The last section presents cases of “selective appropriation,” although the introductory chapter fails to elaborate on this phrase, which I think is a major reason why the overarching theme of this set seems the weakest among the three. Nonetheless, individually the final four essays in this section are just as insightful as the earlier ones. While the other chapters were not explicit in using class analysis, Johny A. Khusyairi and Colombijn’s “Moving at a Different Velocity: The Modernization of Transportation and Social Differentiation in Surabaya in the 1920s” is straightforward in stating that class has more analytical weight than ethnicity/race in understanding modernization, as reflected in the motorization of Surabaya’s transport system. In “The Two alun-alun of Malang (1930–1960),” Purnawan Basundoro presents Malang as a crucial case study due to the fact that it had two alun-alun, or town square, rather than just one. The meaning of Malang’s alun-alun underwent changes as Indonesia’s political landscape evolved through time, from Dutch colonialism to the period of independence. The importance of the oil industry as a symbol of modernity is the topic of Ida Liana Tanjung’s “The Indonesianization of the Symbols of Modernity in Plaju (Palembang), 1930s–1960s.” On the one hand, oil made Plaju a modern town, not to mention a signifier of European economic might, because of the facilities built for its extraction. On the other hand, Plaju’s isolation from the constellation of Indonesian cities (it is worth mentioning that Plaju is the only city outside of Java that is tackled in this book) delayed the process of Indonesianization in this town after 1945. Finally, Sarkawi B. Husain’s “Chinese Cemeteries as a Symbol of Sacred Space: Control, Conflict, and Negotiation in Surabaya” presents the precarious state of Chinese cemeteries in Surabaya vis-à-vis the pressure of modernization. While the postcolonial state viewed the cemeteries as anathema to its version of modernity, Surabaya’s rapidly growing urban population, as evinced by the increasing number of cases of informal settlers encroaching on cemetery spaces, exacerbated the pressure on urban space and the tensions among stakeholders fighting over it.

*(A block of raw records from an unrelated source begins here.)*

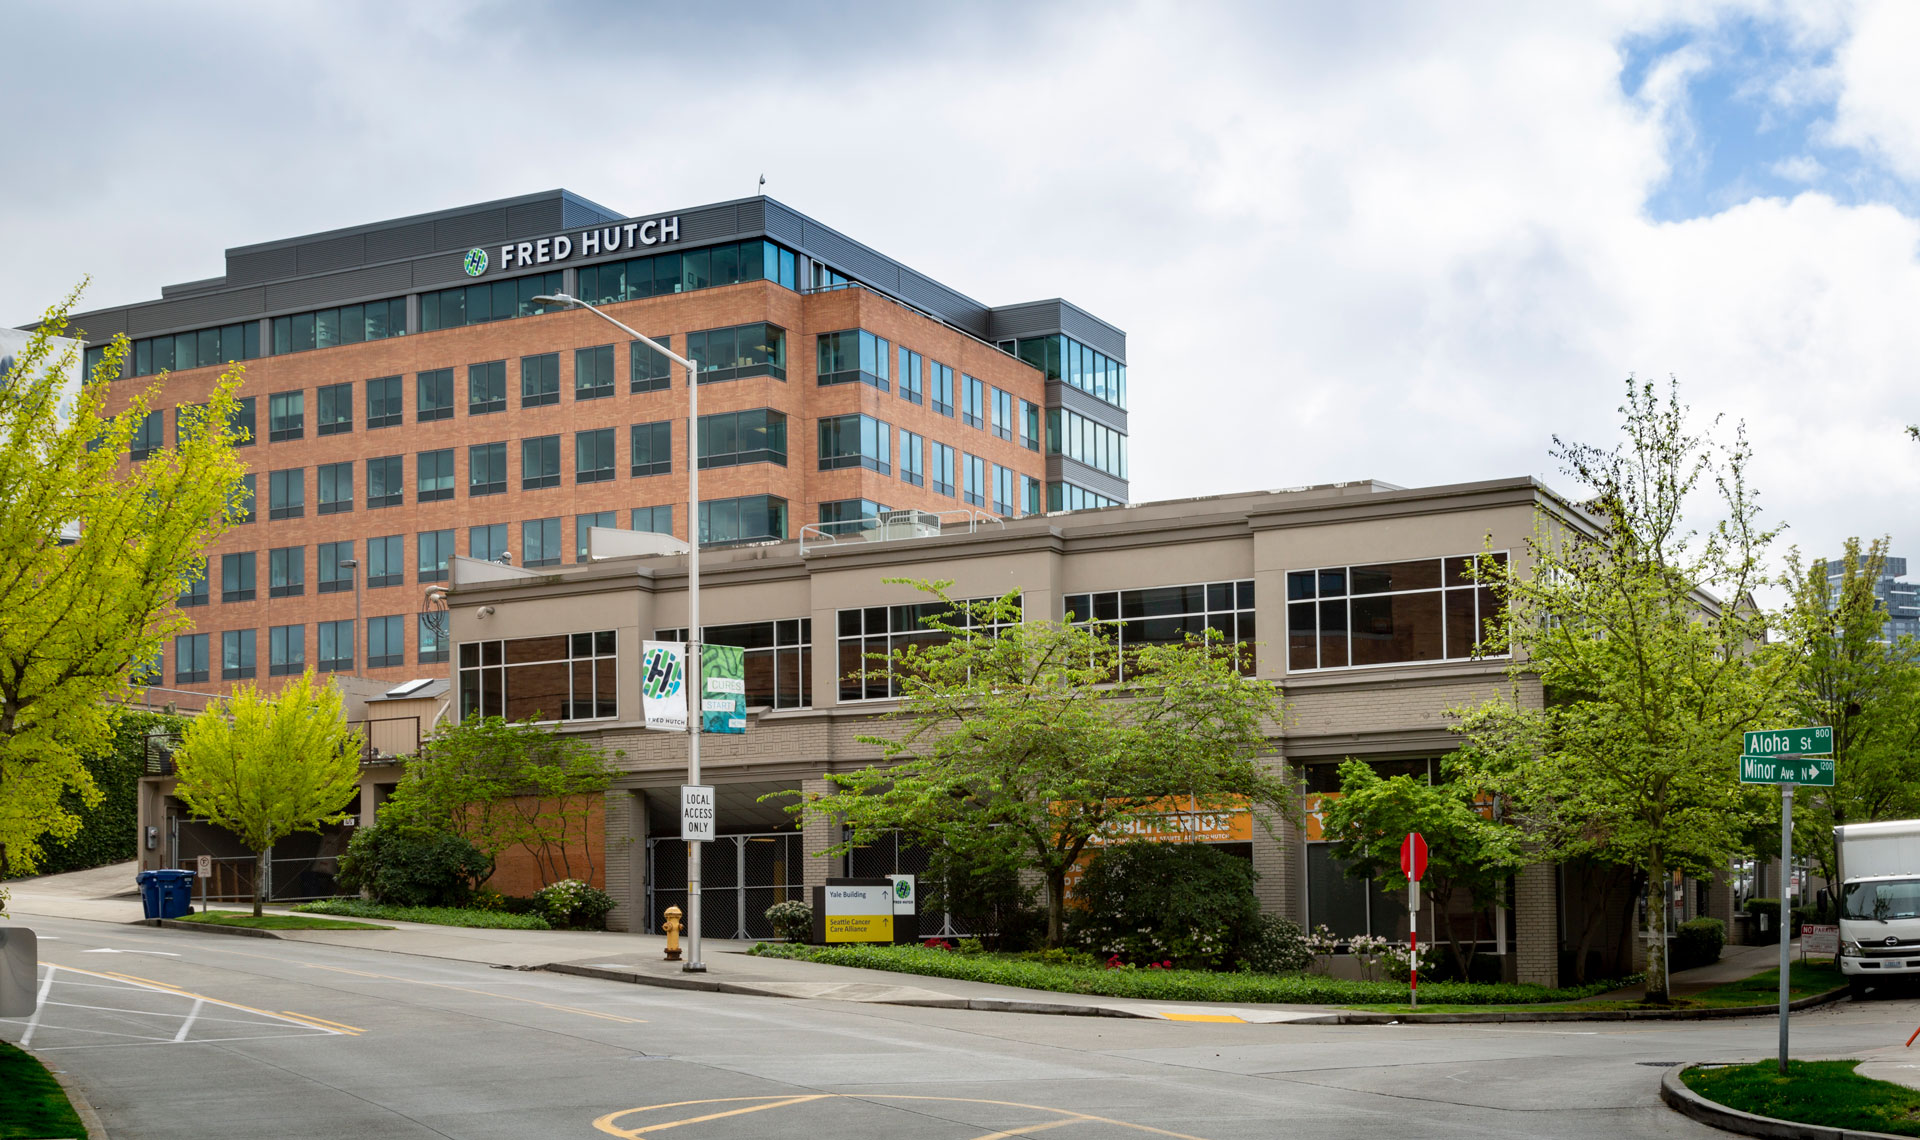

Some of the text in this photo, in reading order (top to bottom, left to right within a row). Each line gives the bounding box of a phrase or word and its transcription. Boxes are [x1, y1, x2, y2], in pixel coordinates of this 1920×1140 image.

[501, 216, 679, 269] FRED HUTCH
[712, 680, 741, 690] CURES
[706, 701, 731, 709] START
[665, 717, 685, 726] HUTCH
[1750, 729, 1829, 753] Aloha St 800
[1745, 758, 1832, 781] Minor Ave N 1200
[687, 794, 710, 805] LOCAL
[684, 808, 712, 819] ACCESS
[689, 822, 708, 832] ONLY
[843, 890, 867, 899] Building
[844, 925, 867, 933] Alliance
[1803, 926, 1813, 934] NO
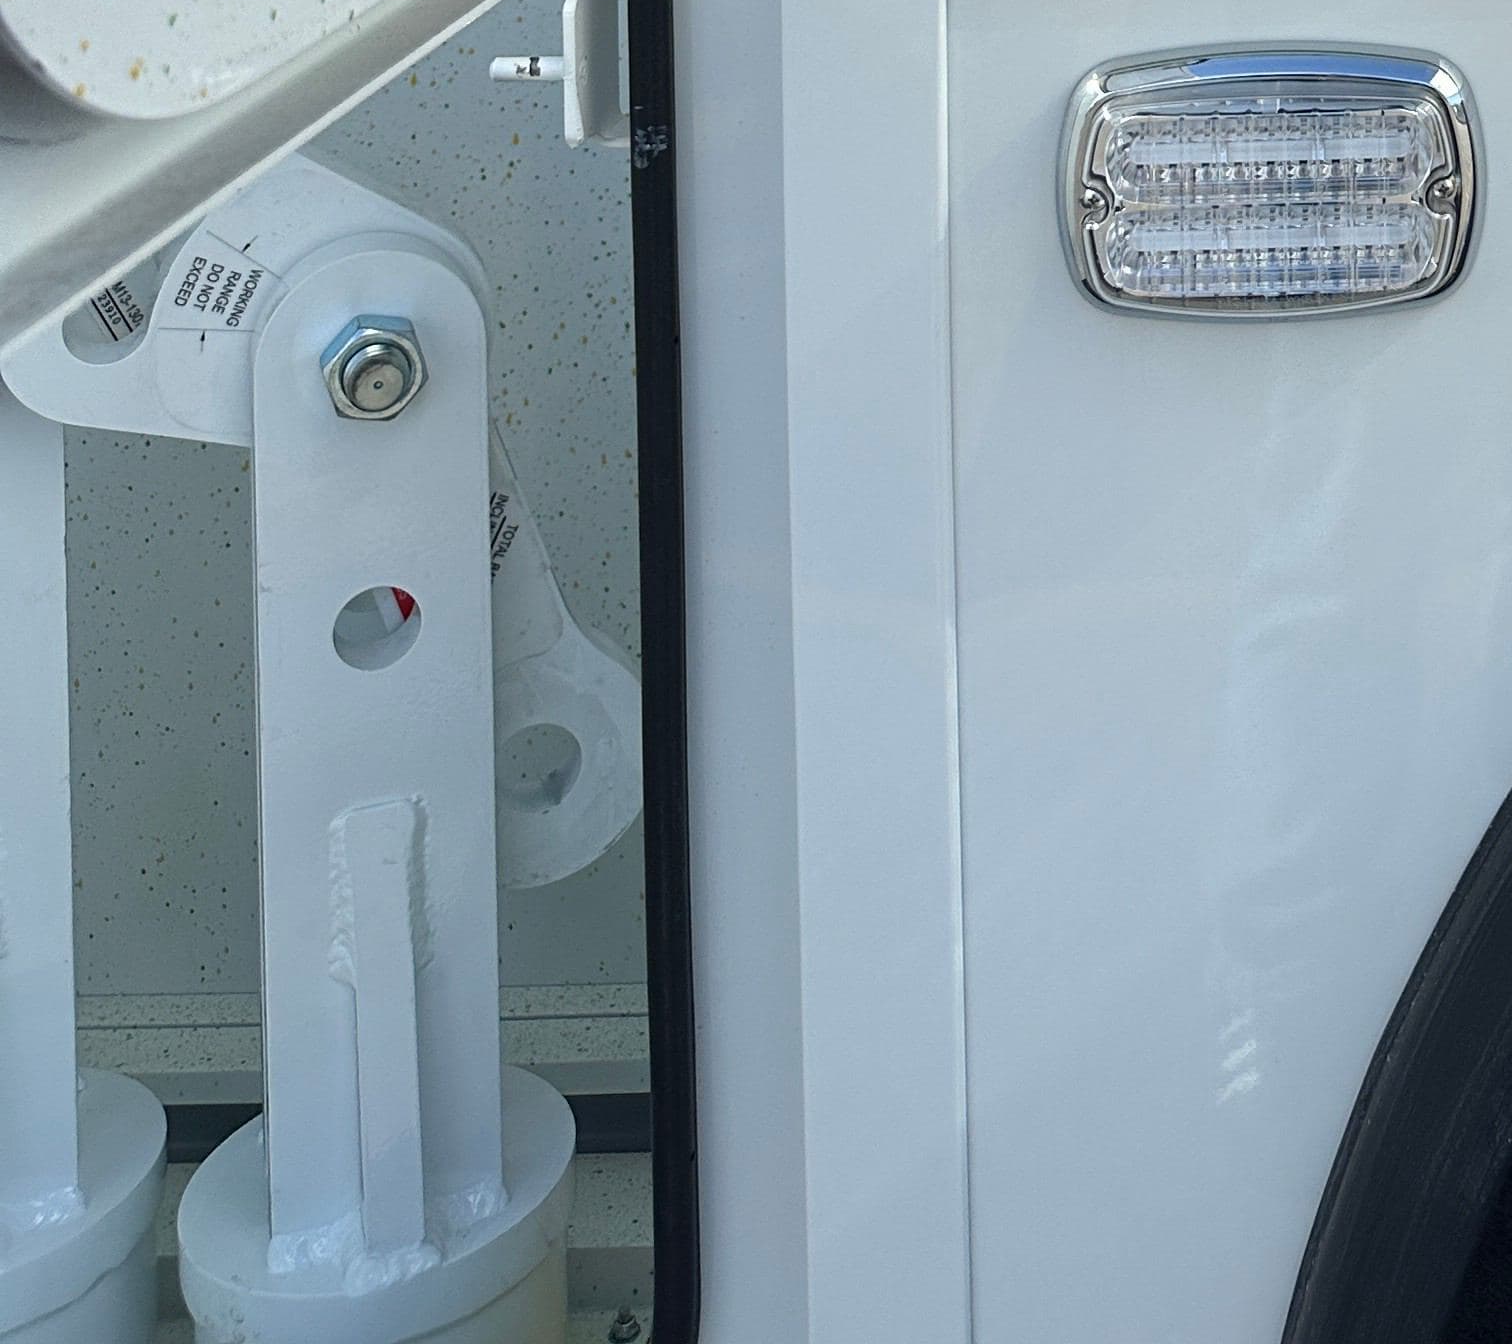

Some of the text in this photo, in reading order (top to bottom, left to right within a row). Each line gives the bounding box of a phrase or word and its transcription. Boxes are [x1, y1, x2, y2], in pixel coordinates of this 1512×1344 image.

[111, 280, 144, 328] M13-130
[174, 256, 207, 307] EXCEED
[193, 263, 224, 312] DO NOT
[211, 270, 242, 315] RANGE
[226, 268, 264, 328] WORKING
[97, 293, 121, 325] 23910
[492, 524, 519, 561] TOTAL

Ideally, in a multi-authored edited volume the whole is greater than the sum of its parts. Unfortunately certain weak points diminish the overall impact of the book. One of the book’s shortcomings is the lack of an adequate assessment of significant events and personalities that recur chapter after chapter. The introduction could have revisited the Ethical Policy, the colonial paradigm initiated in 1901 to supposedly promote the welfare of the colonized over the profit motive, or the lesser-known 1903 Decentralization Act, a law designed to encourage local autonomy and a clear offshoot of the Ethical Policy, to reappraise their significance in the formation of modern Indonesia given that these policies are constantly referenced in the individual essays. What about urban reformers like Thomas Karsten or H. F. Tillema or urban-based technocrats involved in healthcare, urban planning, and housing policies? The editors have missed a great opportunity to contribute to scholarship by expounding on the contributions of these personalities who are relegated to minor roles, if at all mentioned, in traditional historical accounts that privilege the nation-state. Another major weakness is the uneven quality of the chapters in terms of sticking to the theme. Not all essays followed the set temporal scope. For instance, in some essays the postcolonial period seems more of an afterthought (such as in Wijono’s) or even entirely neglected (such as in Khusyairi and Colombijn’s).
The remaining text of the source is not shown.